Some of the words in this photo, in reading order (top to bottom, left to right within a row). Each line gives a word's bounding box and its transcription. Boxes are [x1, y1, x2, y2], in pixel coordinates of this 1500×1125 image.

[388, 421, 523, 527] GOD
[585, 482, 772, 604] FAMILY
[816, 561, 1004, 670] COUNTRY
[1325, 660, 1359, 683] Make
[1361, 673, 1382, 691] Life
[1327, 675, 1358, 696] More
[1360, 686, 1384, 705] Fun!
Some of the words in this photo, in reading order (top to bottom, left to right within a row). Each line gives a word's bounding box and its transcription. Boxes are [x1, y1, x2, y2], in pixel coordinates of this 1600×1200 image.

--------------------------------------------------

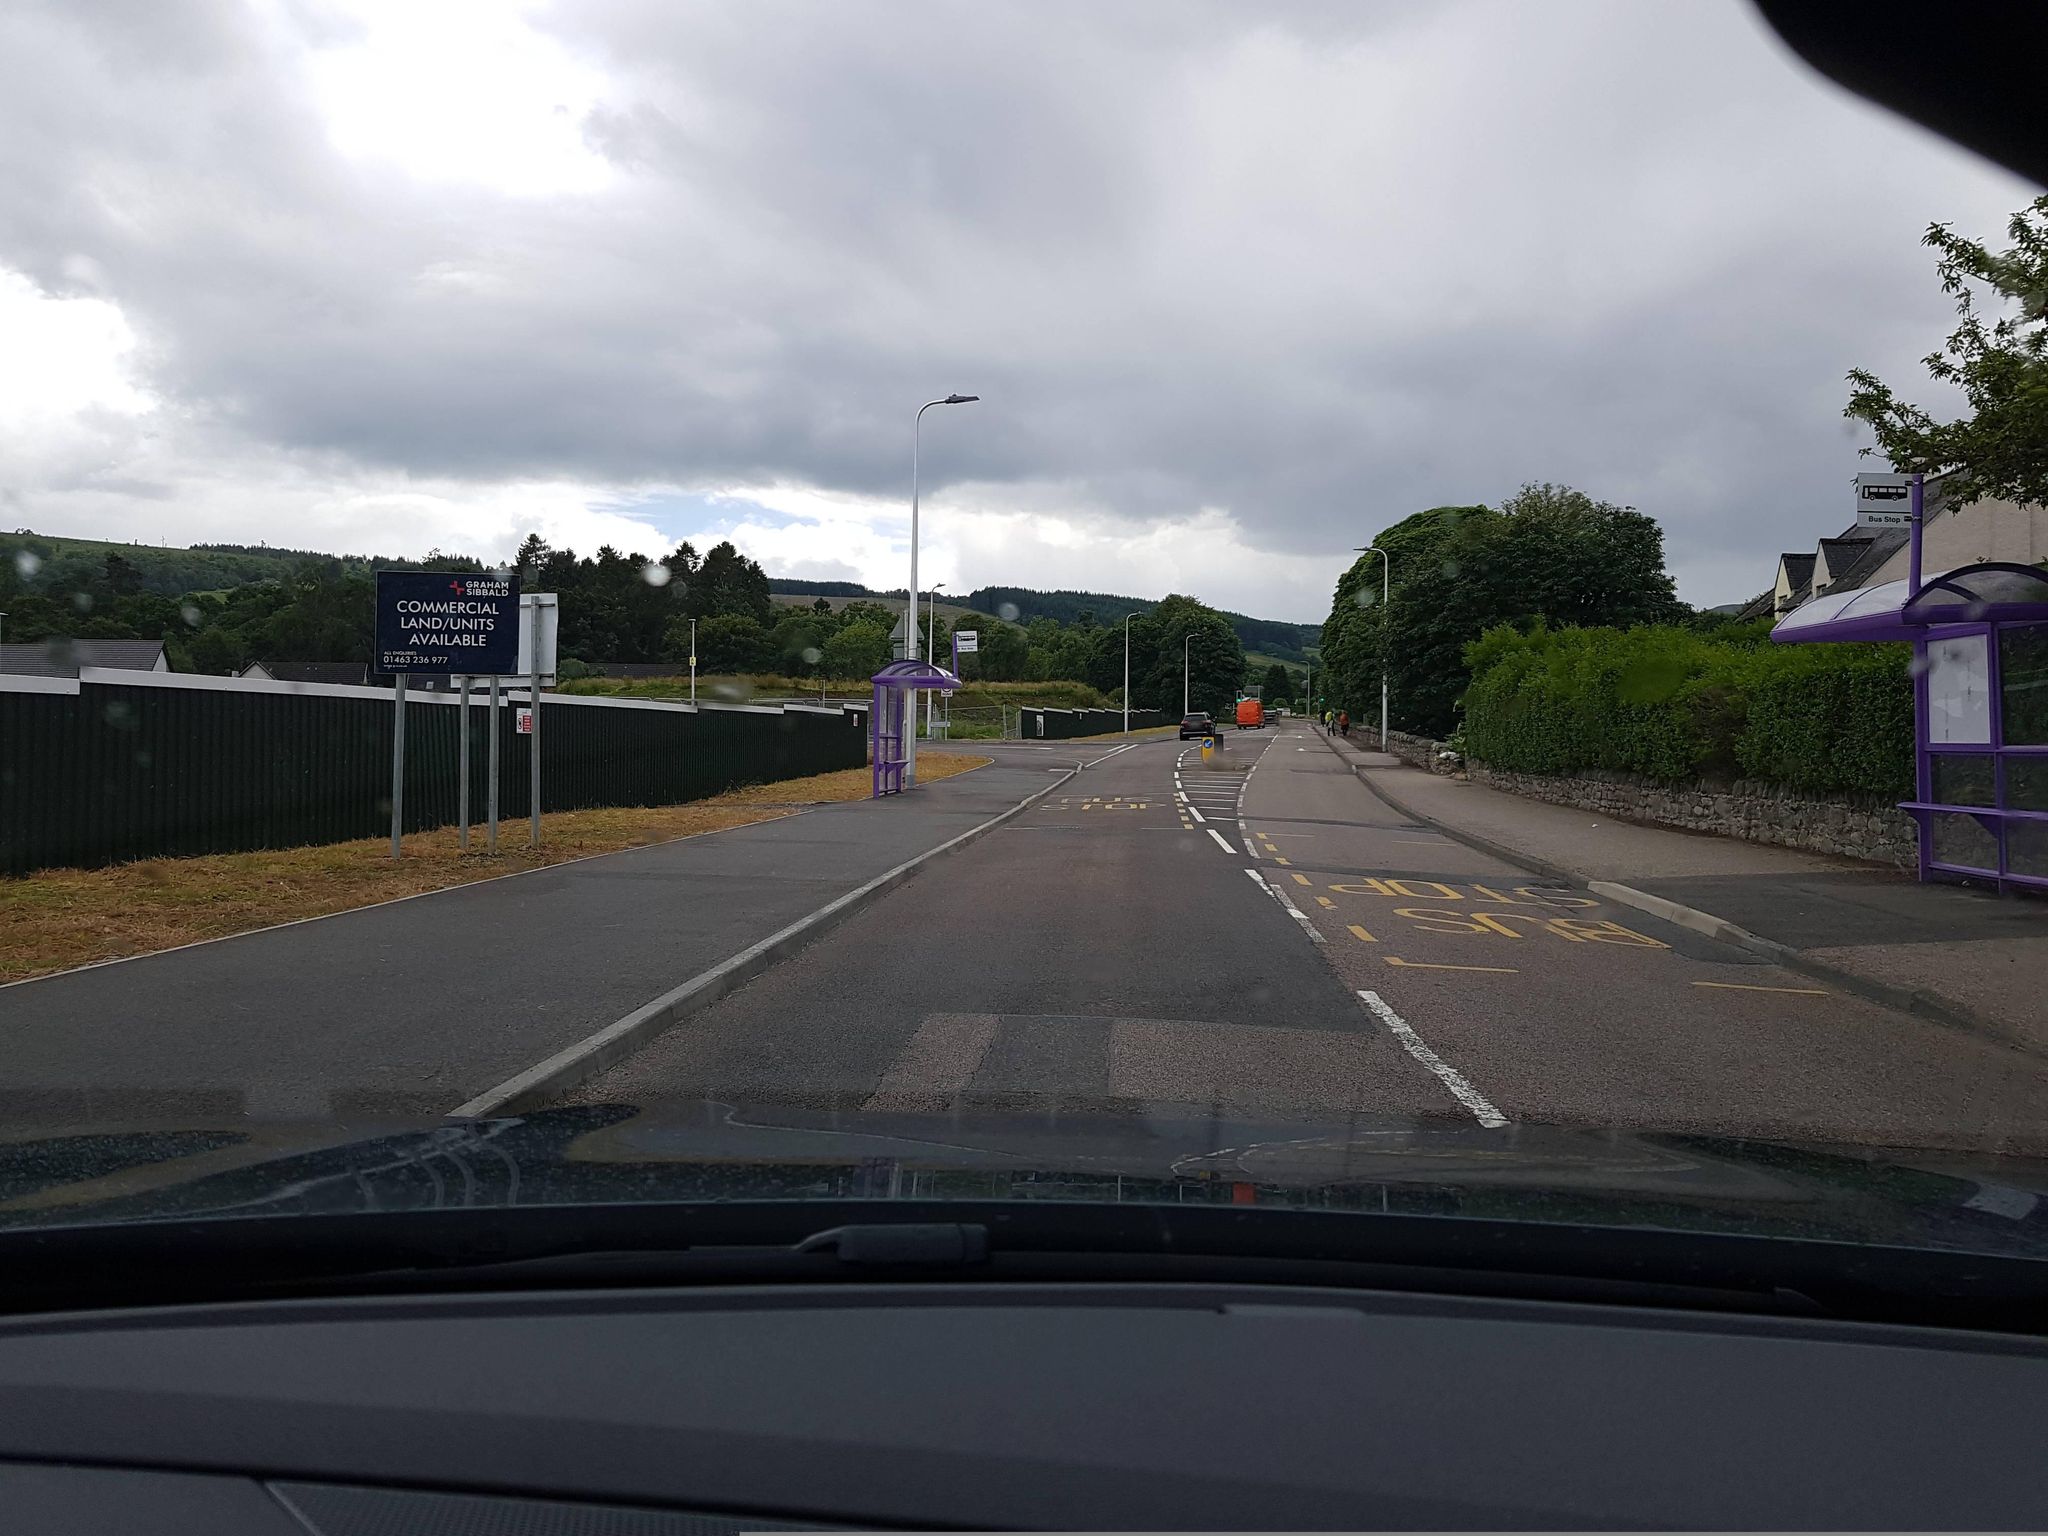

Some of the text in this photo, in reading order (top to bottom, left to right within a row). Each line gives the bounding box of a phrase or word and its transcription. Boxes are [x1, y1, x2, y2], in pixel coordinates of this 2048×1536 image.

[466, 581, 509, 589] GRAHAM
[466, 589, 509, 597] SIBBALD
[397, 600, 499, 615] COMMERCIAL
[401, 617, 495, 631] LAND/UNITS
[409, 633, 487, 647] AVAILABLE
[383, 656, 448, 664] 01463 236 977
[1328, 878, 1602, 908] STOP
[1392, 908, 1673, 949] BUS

--------------------------------------------------

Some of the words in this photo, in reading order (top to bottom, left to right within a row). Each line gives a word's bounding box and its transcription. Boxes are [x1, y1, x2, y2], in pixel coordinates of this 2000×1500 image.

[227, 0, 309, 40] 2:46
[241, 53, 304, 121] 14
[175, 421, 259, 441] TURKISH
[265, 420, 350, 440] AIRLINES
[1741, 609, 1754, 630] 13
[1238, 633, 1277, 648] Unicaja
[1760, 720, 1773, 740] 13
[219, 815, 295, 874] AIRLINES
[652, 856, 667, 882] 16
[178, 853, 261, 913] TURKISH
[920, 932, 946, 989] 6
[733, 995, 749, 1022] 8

--------------------------------------------------

Directions for this task
Of the entries above, repeat exactly the lines from the line with "this 1500×1125 image." through the line with "this 1600×1200 image.", both of them included.

Written reply
Some of the words in this photo, in reading order (top to bottom, left to right within a row). Each line gives a word's bounding box and its transcription. Boxes are [x1, y1, x2, y2], in pixel coordinates of this 1500×1125 image.

[388, 421, 523, 527] GOD
[585, 482, 772, 604] FAMILY
[816, 561, 1004, 670] COUNTRY
[1325, 660, 1359, 683] Make
[1361, 673, 1382, 691] Life
[1327, 675, 1358, 696] More
[1360, 686, 1384, 705] Fun!
Some of the words in this photo, in reading order (top to bottom, left to right within a row). Each line gives a word's bounding box and its transcription. Boxes are [x1, y1, x2, y2], in pixel coordinates of this 1600×1200 image.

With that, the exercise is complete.